**DATASET RECORDS**
::::
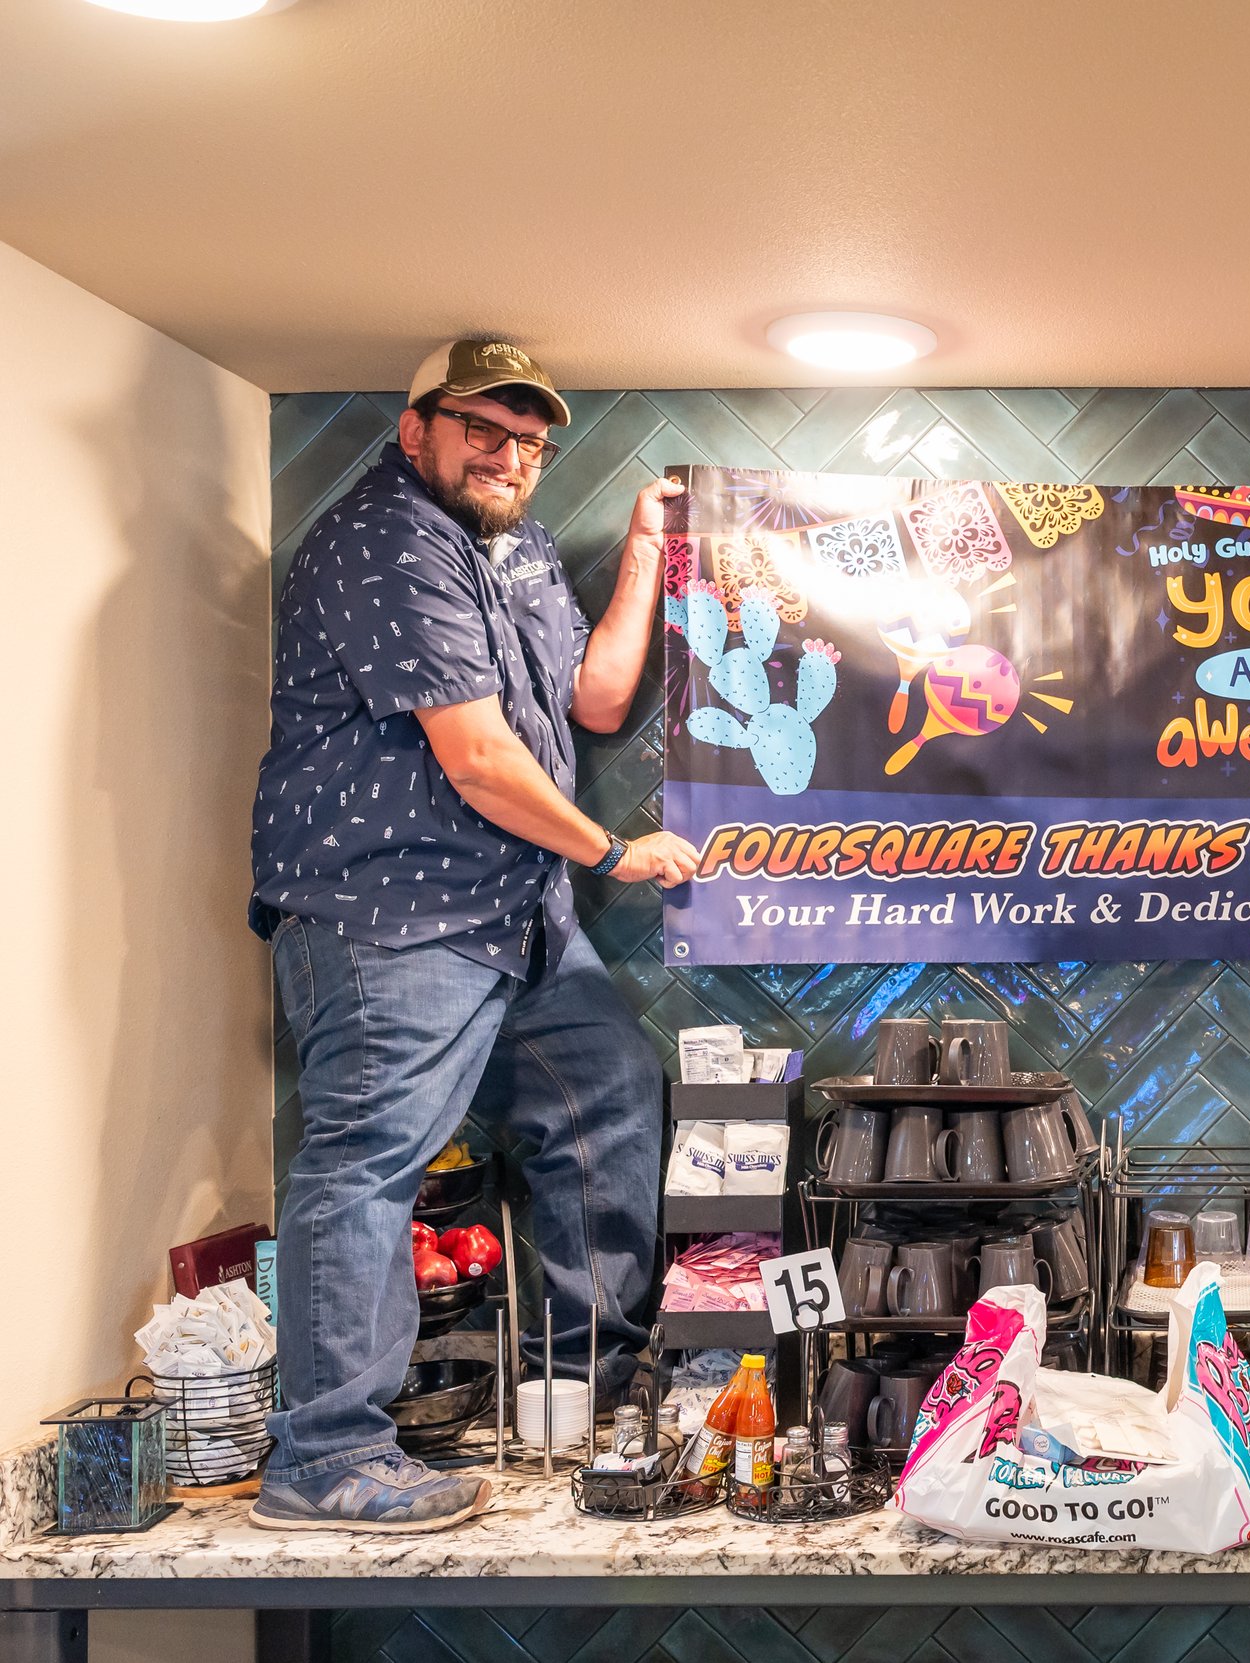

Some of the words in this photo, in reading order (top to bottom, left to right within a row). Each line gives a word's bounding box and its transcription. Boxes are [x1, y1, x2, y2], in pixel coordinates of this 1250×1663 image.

[1149, 541, 1207, 567] Holy
[697, 822, 1035, 880] FOURSQUARE
[736, 894, 834, 927] Your
[845, 892, 957, 926] Hard
[972, 892, 1076, 925] Work
[1090, 893, 1121, 925] &
[225, 1261, 253, 1279] ASHTON
[774, 1262, 830, 1316] 15
[712, 1435, 732, 1447] Cajun
[754, 1440, 772, 1453] Cajun
[754, 1449, 767, 1463] Chef
[754, 1471, 769, 1480] HOT
[985, 1497, 1058, 1523] GOOD
[1064, 1501, 1099, 1521] TO
[1010, 1530, 1137, 1545] www.rosascafe.com
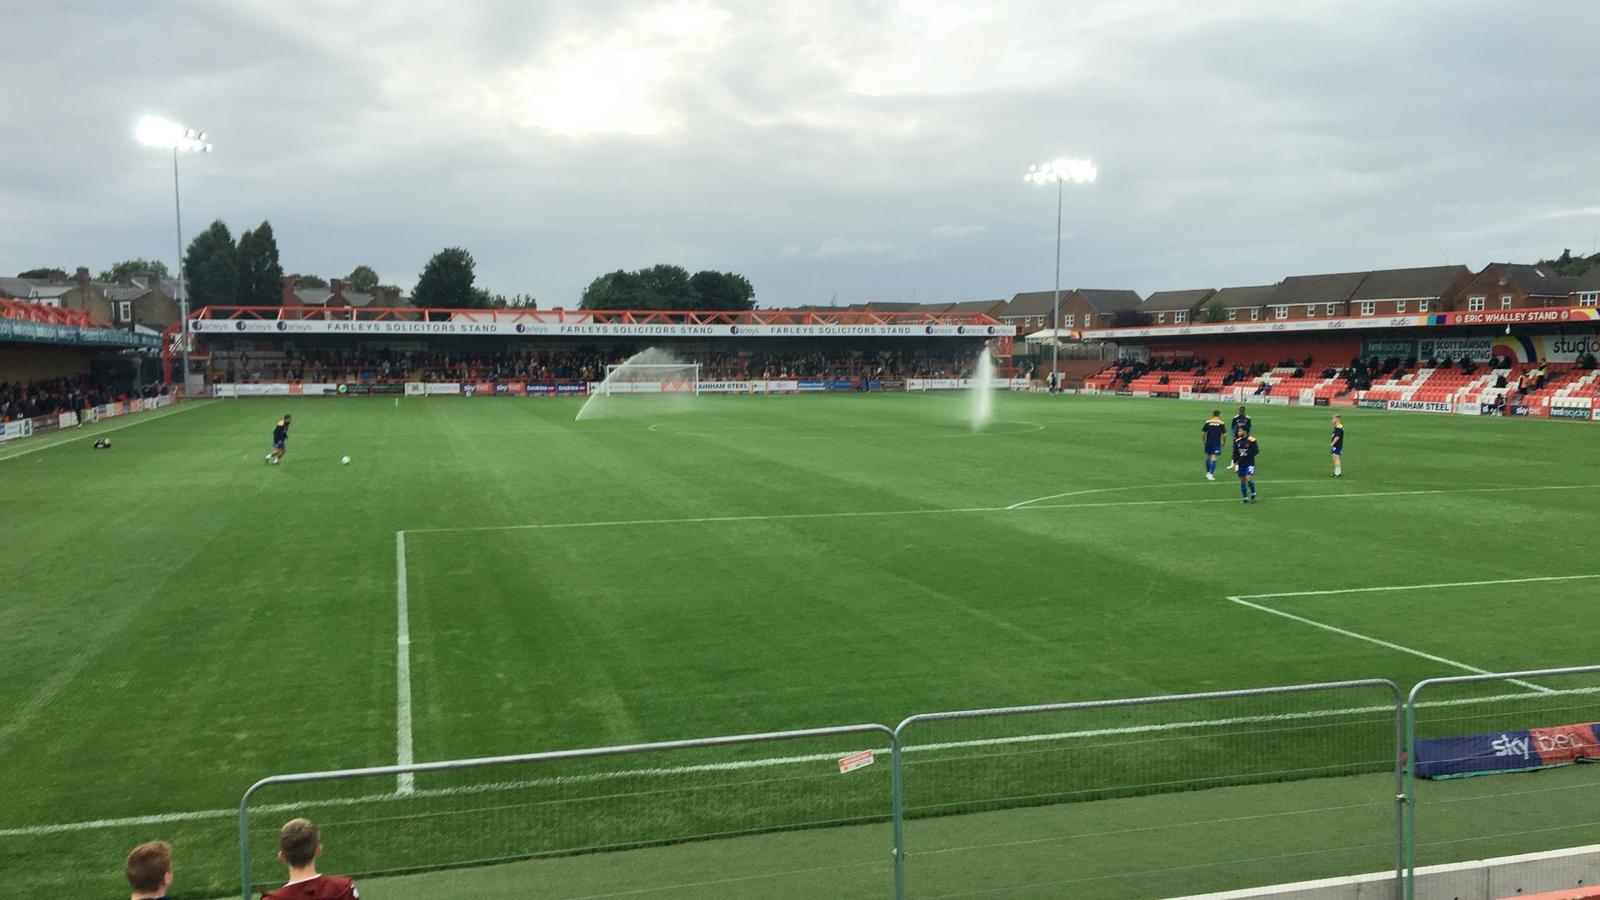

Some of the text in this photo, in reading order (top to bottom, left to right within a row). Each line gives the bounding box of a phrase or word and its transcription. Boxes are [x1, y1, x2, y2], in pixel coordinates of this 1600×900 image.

[1464, 311, 1558, 323] ERIC WHALLEY STAND
[328, 323, 497, 332] FARLEYS SOLICITORS STAND
[560, 326, 713, 334] FARLEYS SOLICITORS STAND
[1436, 340, 1457, 350] SCOTT
[1553, 335, 1600, 354] studio
[1436, 349, 1491, 360] ADVERTISING
[464, 383, 475, 392] sky
[477, 383, 489, 391] bet
[496, 383, 508, 391] sky
[1390, 401, 1449, 411] RAINHAM STEEL
[1516, 407, 1529, 416] sky
[1491, 730, 1584, 760] sky bet
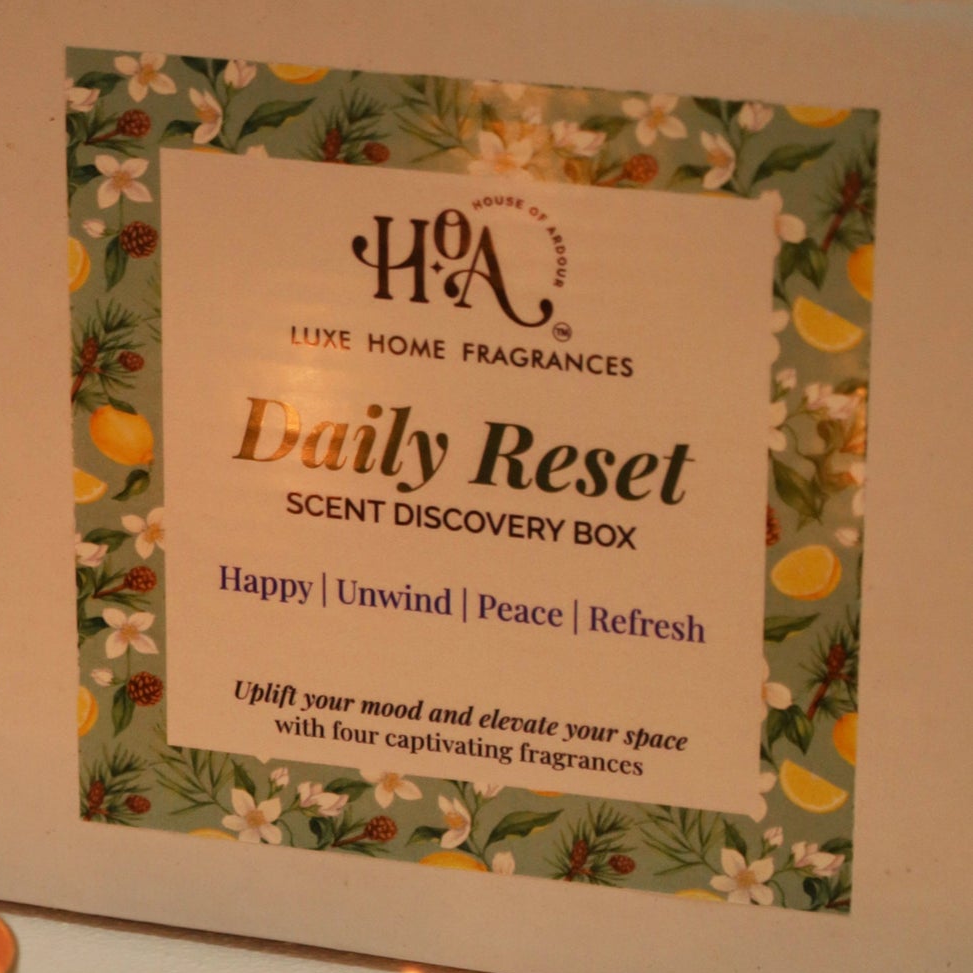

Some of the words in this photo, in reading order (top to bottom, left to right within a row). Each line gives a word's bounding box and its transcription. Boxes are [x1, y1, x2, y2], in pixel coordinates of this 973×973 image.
::::
**BRIEF**
Extract the full listing above verbatim; pictures are to be left out of the copy.

**EXERCISE ANSWER**
Some of the words in this photo, in reading order (top to bottom, left to right within a row). Each line gives a word's bounding box and its transcription. Boxes are [x1, y1, x2, y2], in pixel coordinates of this 1250×1663 image.

[1149, 541, 1207, 567] Holy
[697, 822, 1035, 880] FOURSQUARE
[736, 894, 834, 927] Your
[845, 892, 957, 926] Hard
[972, 892, 1076, 925] Work
[1090, 893, 1121, 925] &
[225, 1261, 253, 1279] ASHTON
[774, 1262, 830, 1316] 15
[712, 1435, 732, 1447] Cajun
[754, 1440, 772, 1453] Cajun
[754, 1449, 767, 1463] Chef
[754, 1471, 769, 1480] HOT
[985, 1497, 1058, 1523] GOOD
[1064, 1501, 1099, 1521] TO
[1010, 1530, 1137, 1545] www.rosascafe.com

Some of the text in this photo, in reading order (top to bottom, left to right within a row). Each line gives the bounding box of a phrase or word and its transcription. Boxes are [x1, y1, x2, y2], in pixel coordinates of this 1600×900 image.

[1464, 311, 1558, 323] ERIC WHALLEY STAND
[328, 323, 497, 332] FARLEYS SOLICITORS STAND
[560, 326, 713, 334] FARLEYS SOLICITORS STAND
[1436, 340, 1457, 350] SCOTT
[1553, 335, 1600, 354] studio
[1436, 349, 1491, 360] ADVERTISING
[464, 383, 475, 392] sky
[477, 383, 489, 391] bet
[496, 383, 508, 391] sky
[1390, 401, 1449, 411] RAINHAM STEEL
[1516, 407, 1529, 416] sky
[1491, 730, 1584, 760] sky bet

Some of the words in this photo, in reading order (top to bottom, left to right within a row). Each line gives a word's bounding box and its transcription. Boxes are [x1, y1, x2, y2], in pixel coordinates of this 973×973 image.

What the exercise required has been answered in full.